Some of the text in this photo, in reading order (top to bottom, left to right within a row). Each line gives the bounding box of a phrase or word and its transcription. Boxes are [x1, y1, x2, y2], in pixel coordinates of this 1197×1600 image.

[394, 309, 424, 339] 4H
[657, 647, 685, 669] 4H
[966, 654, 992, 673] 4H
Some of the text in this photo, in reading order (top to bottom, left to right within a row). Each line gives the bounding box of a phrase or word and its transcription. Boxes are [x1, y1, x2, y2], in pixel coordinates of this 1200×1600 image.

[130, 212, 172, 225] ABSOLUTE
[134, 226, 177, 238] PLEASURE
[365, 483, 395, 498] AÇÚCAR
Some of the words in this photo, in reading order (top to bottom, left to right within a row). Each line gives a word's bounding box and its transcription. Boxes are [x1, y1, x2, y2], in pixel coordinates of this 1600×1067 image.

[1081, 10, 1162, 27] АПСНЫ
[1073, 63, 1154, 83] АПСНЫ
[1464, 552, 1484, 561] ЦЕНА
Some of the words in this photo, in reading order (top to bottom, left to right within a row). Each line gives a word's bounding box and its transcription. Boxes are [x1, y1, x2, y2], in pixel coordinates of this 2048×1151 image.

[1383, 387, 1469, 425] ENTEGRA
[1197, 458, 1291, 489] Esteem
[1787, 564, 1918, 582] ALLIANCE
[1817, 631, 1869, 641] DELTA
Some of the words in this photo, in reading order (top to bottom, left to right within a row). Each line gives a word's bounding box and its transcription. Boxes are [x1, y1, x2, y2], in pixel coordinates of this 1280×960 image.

- YOUR GOAL
Go through the records and repeat each one exactly as written.

- WRITTEN RESPONSE
Some of the text in this photo, in reading order (top to bottom, left to right within a row). Each line gives the bounding box of a phrase or word and its transcription. Boxes are [x1, y1, x2, y2], in pixel coordinates of this 1197×1600 image.

[394, 309, 424, 339] 4H
[657, 647, 685, 669] 4H
[966, 654, 992, 673] 4H
Some of the text in this photo, in reading order (top to bottom, left to right within a row). Each line gives the bounding box of a phrase or word and its transcription. Boxes are [x1, y1, x2, y2], in pixel coordinates of this 1200×1600 image.

[130, 212, 172, 225] ABSOLUTE
[134, 226, 177, 238] PLEASURE
[365, 483, 395, 498] AÇÚCAR
Some of the words in this photo, in reading order (top to bottom, left to right within a row). Each line gives a word's bounding box and its transcription. Boxes are [x1, y1, x2, y2], in pixel coordinates of this 1600×1067 image.

[1081, 10, 1162, 27] АПСНЫ
[1073, 63, 1154, 83] АПСНЫ
[1464, 552, 1484, 561] ЦЕНА
Some of the words in this photo, in reading order (top to bottom, left to right within a row). Each line gives a word's bounding box and its transcription. Boxes are [x1, y1, x2, y2], in pixel coordinates of this 2048×1151 image.

[1383, 387, 1469, 425] ENTEGRA
[1197, 458, 1291, 489] Esteem
[1787, 564, 1918, 582] ALLIANCE
[1817, 631, 1869, 641] DELTA
Some of the words in this photo, in reading order (top to bottom, left to right within a row). Each line gives a word's bounding box and its transcription. Boxes are [x1, y1, x2, y2], in pixel coordinates of this 1280×960 image.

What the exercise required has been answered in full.